Collecting Data for Custom Object Detection
Use of deep learning in computer vision has increased in the last decade. In the past couple of years, computer vision applications such as face detection and vehicle detection have become mainstream. One of the reasons is the availability of pre-trained models.
Convinced by the success of deep learning on these applications, businesses have now started to solve their own problems using deep learning.
But what if the available pre-trained models are not suitable for your application?
A pre-trained model may be able to detect eggs but it will definitely not differentiate between good and bad eggs because it has never been taught to do so.
So what do you do? Get lots of images of good and bad eggs and train a custom detection model.
A common challenge in creating a good custom computer vision model is training data. Deep learning models require huge amount of data to train its algorithm as we can see with benchmark models such as MaskRCNN, YOLO, and MobileNet, which were trained on existing large dataset COCOand ImageNet.

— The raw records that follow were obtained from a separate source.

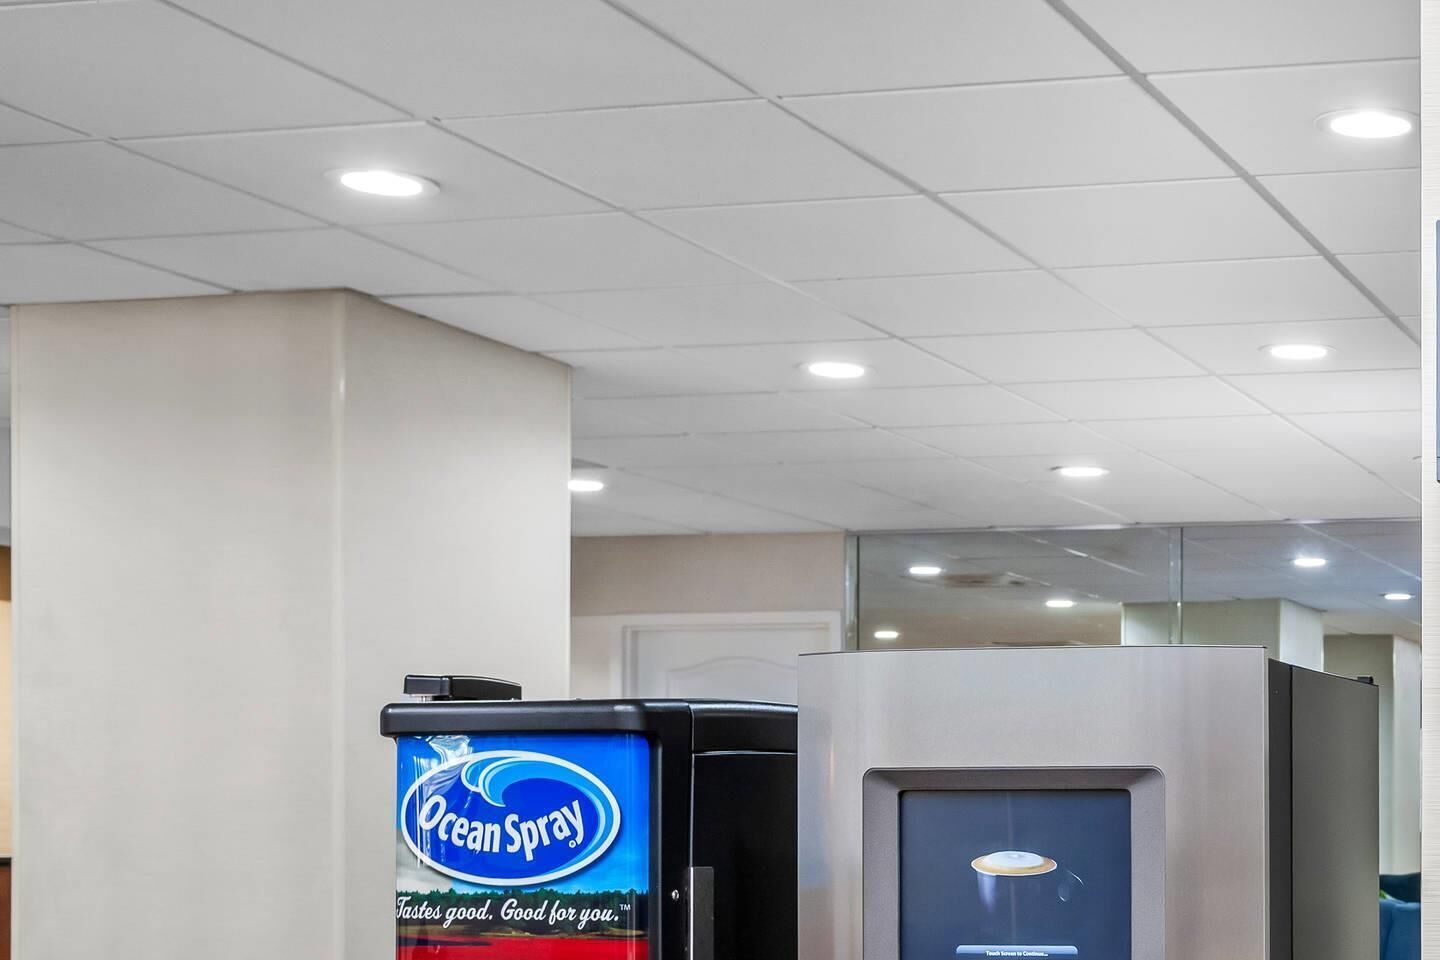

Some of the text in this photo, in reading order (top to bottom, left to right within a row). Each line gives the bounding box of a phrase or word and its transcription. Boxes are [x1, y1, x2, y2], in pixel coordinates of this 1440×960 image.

[419, 794, 584, 862] Ocean Spray
[396, 896, 442, 921] Tastes
[444, 898, 494, 928] good.
[500, 898, 547, 922] Good
[548, 900, 576, 926] for
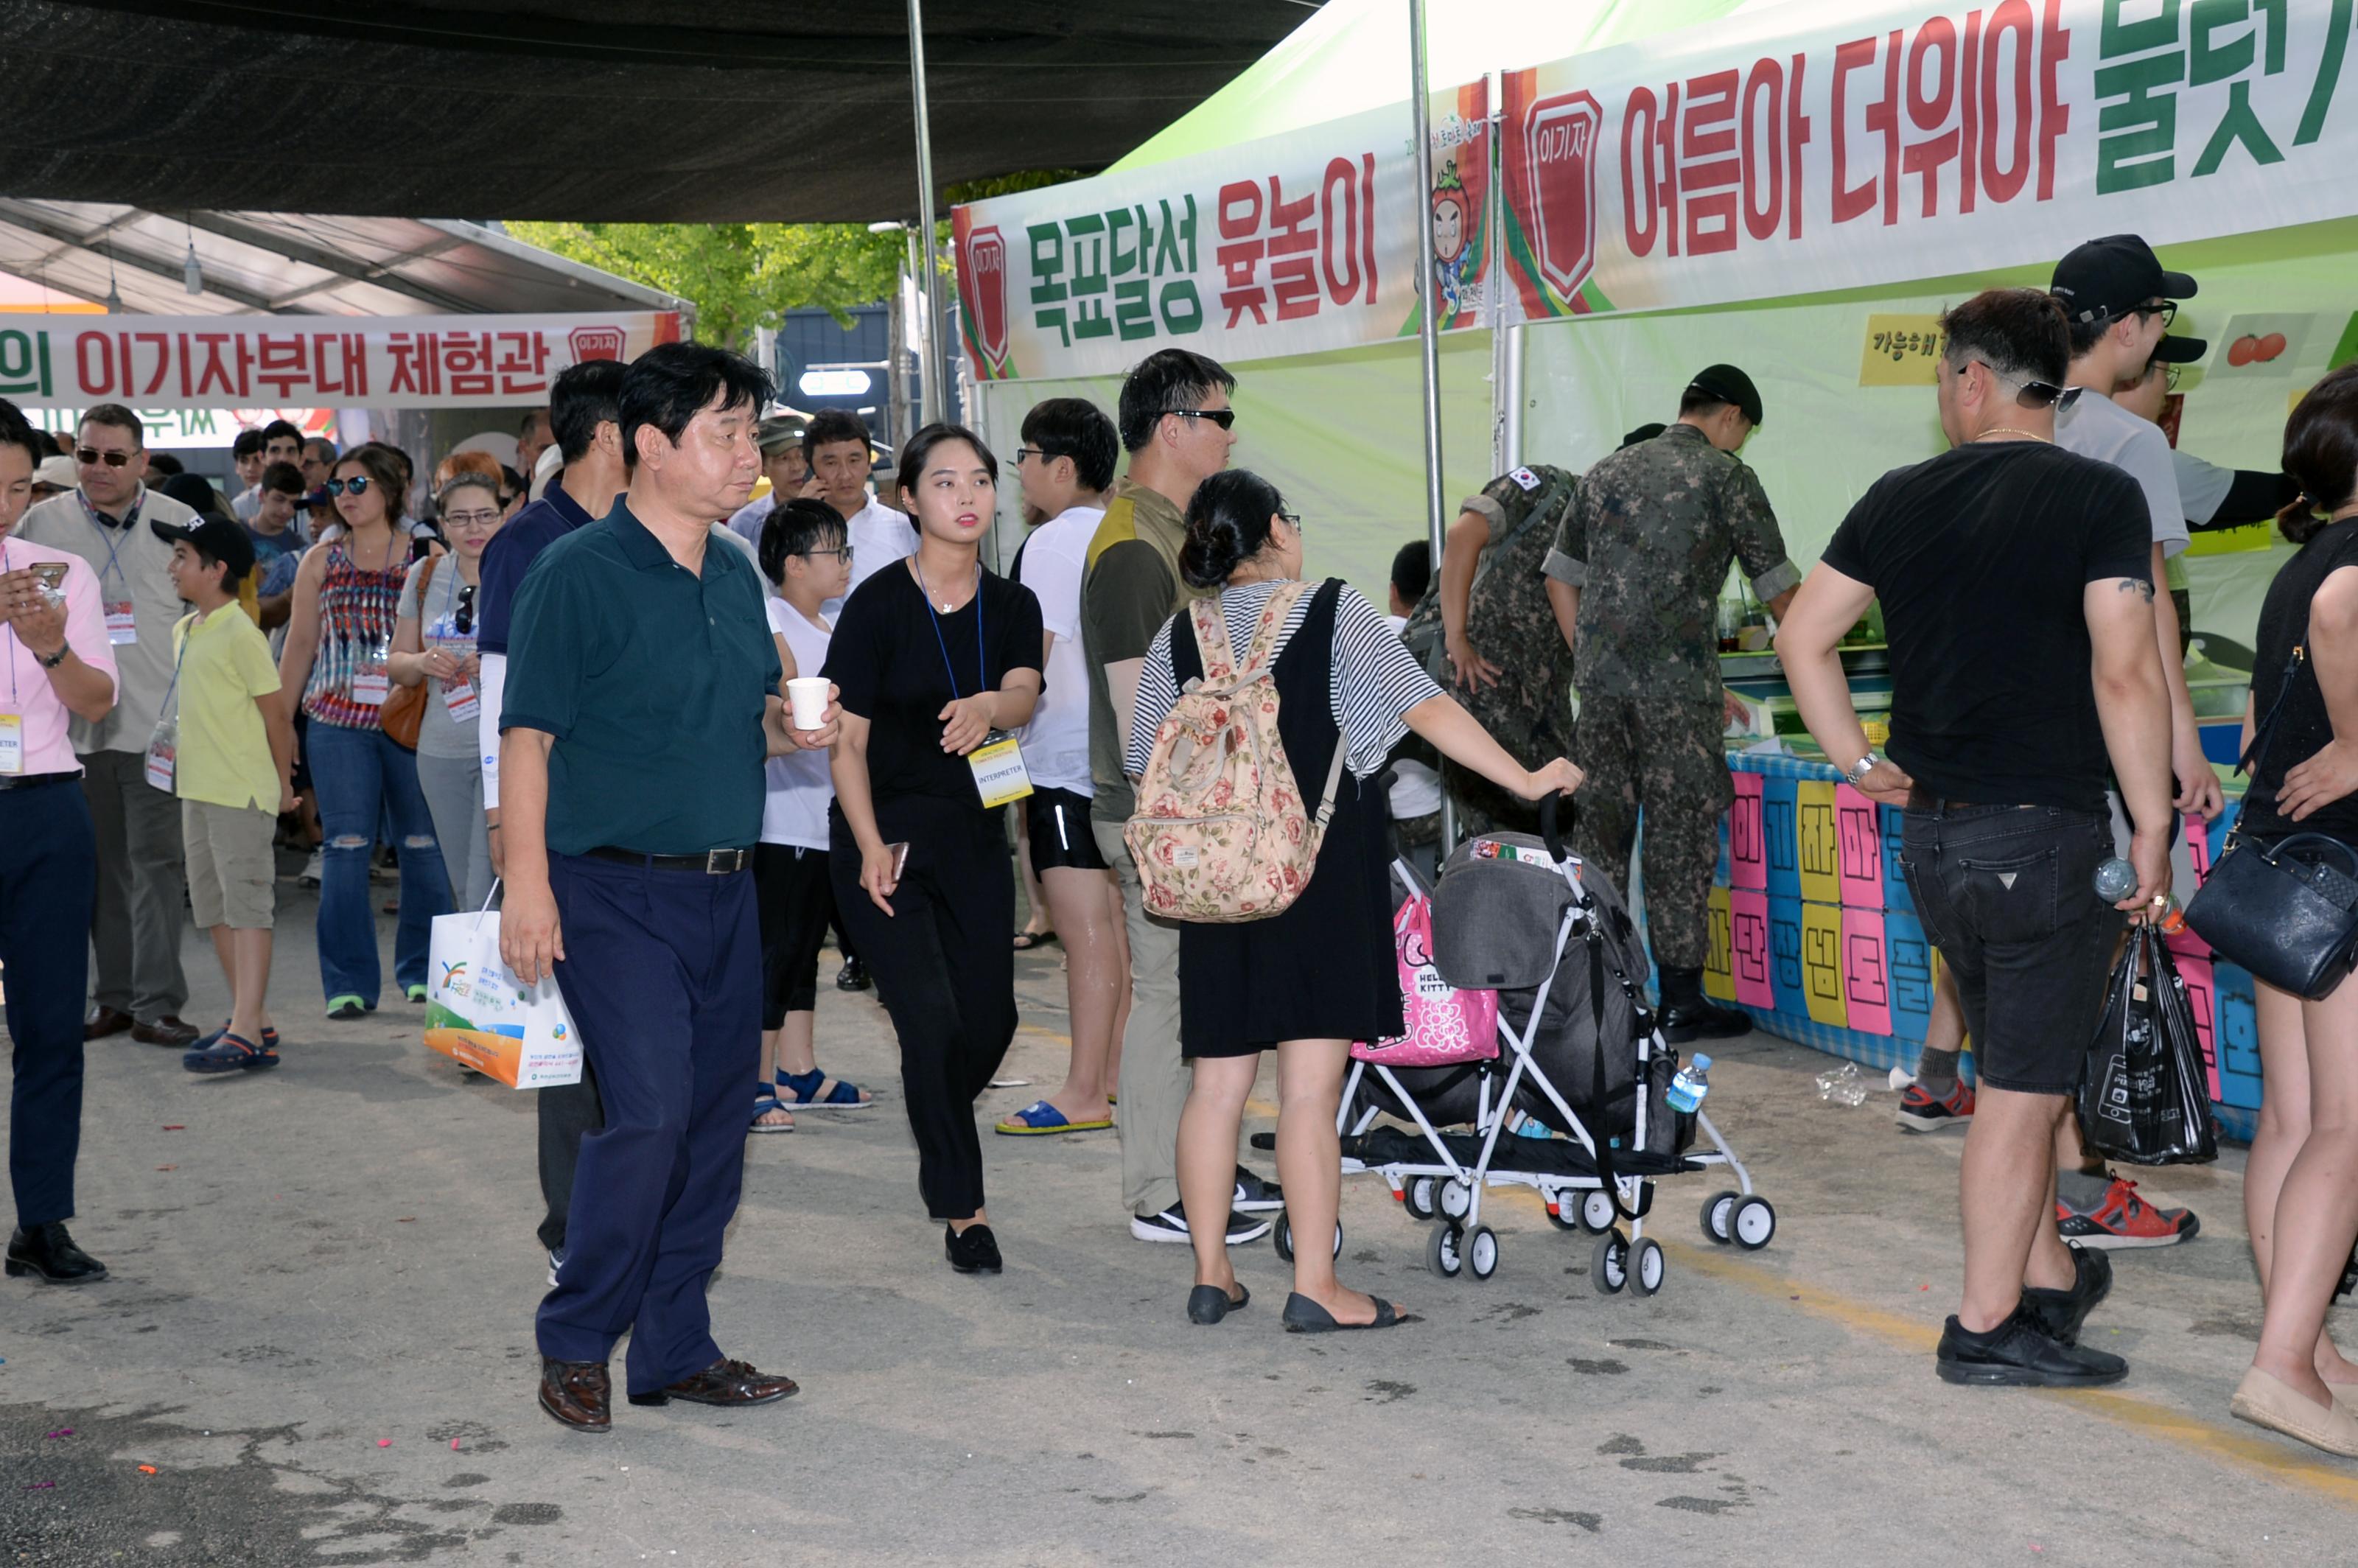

How do you get data for training a custom detection model?
In this post, we will look at 5 such ways of collecting data for training your custom model that solves your problem.
1. Publicly available open labelled datasets
If you are lucky, you might just get a labelled dataset you want online. Here is a list of free image datasets for computer vision that you can choose from.
ImageNet: ImageNet dataset consists of around 14 million images in total for 21,841 different categories of objects (data as of 12th Feb 2020). Some of the popular categories of objects in ImageNet are Animal (fish, bird, mammal, invertebrate), Plant (tree, flower, vegetable) and Activity (sport).
Common Objects in Context (COCO): COCO is a large-scale object detection, segmentation, and captioning dataset. It contains around 330,000 images out of which 200,000 are labelled for 80 different object categories.
Google’s Open Images: Open Images is a dataset of around 9M images annotated with image-level labels, object bounding boxes, object segmentation masks, and visual relationships. It contains a total of 16M bounding boxes for 600 object classes on 1.9M images, making it the largest existing dataset with object location annotations.
MNIST handwritten datasets: This dataset has a total of 70,000 images of handwritten digits and is a subset of a larger set available from NIST. The digits have been size-normalized and centred in a fixed-size image.
Cityscapes Dataset: This dataset focuses on semantic understanding of urban street scenes. It contains around 20,000 annotated images for 30 different classes.
NOTE: These are just a few that I found, and there are a lot of other datasets you can find online. Also, make sure you check the license of these datasets before using it.
2. Scraping the Web
Another option is to do an image search on the web, and hand-pick to download manually. As a large volume of data is required, this method is not efficient.
NOTE: The images on the web may be subject to copyright. Always remember to check the copyright of the images before using them.
An alternative to this is to write a program to scrape the web and download images you want. One such program is Download All Images, a Google Chrome extension that allows you to download a bunch of images at once. In this blog post, Arun Ponnusamyexpalins how you can use Download All Images to download images of people wearing a helmet.
NOTE: The copyright usage rights of images may not allow for using bulk-downloaded images. Always check the copyright of each image before using them.
3. Taking photographs
If you cannot find images of the object you want, you can collect them by clicking photographs. This can be done manually, that is by clicking each image by yourself or crowdsourcing, that is hiring other people to take photographs for you. Another way to collect real-world images is to install a programmed camera in your environment.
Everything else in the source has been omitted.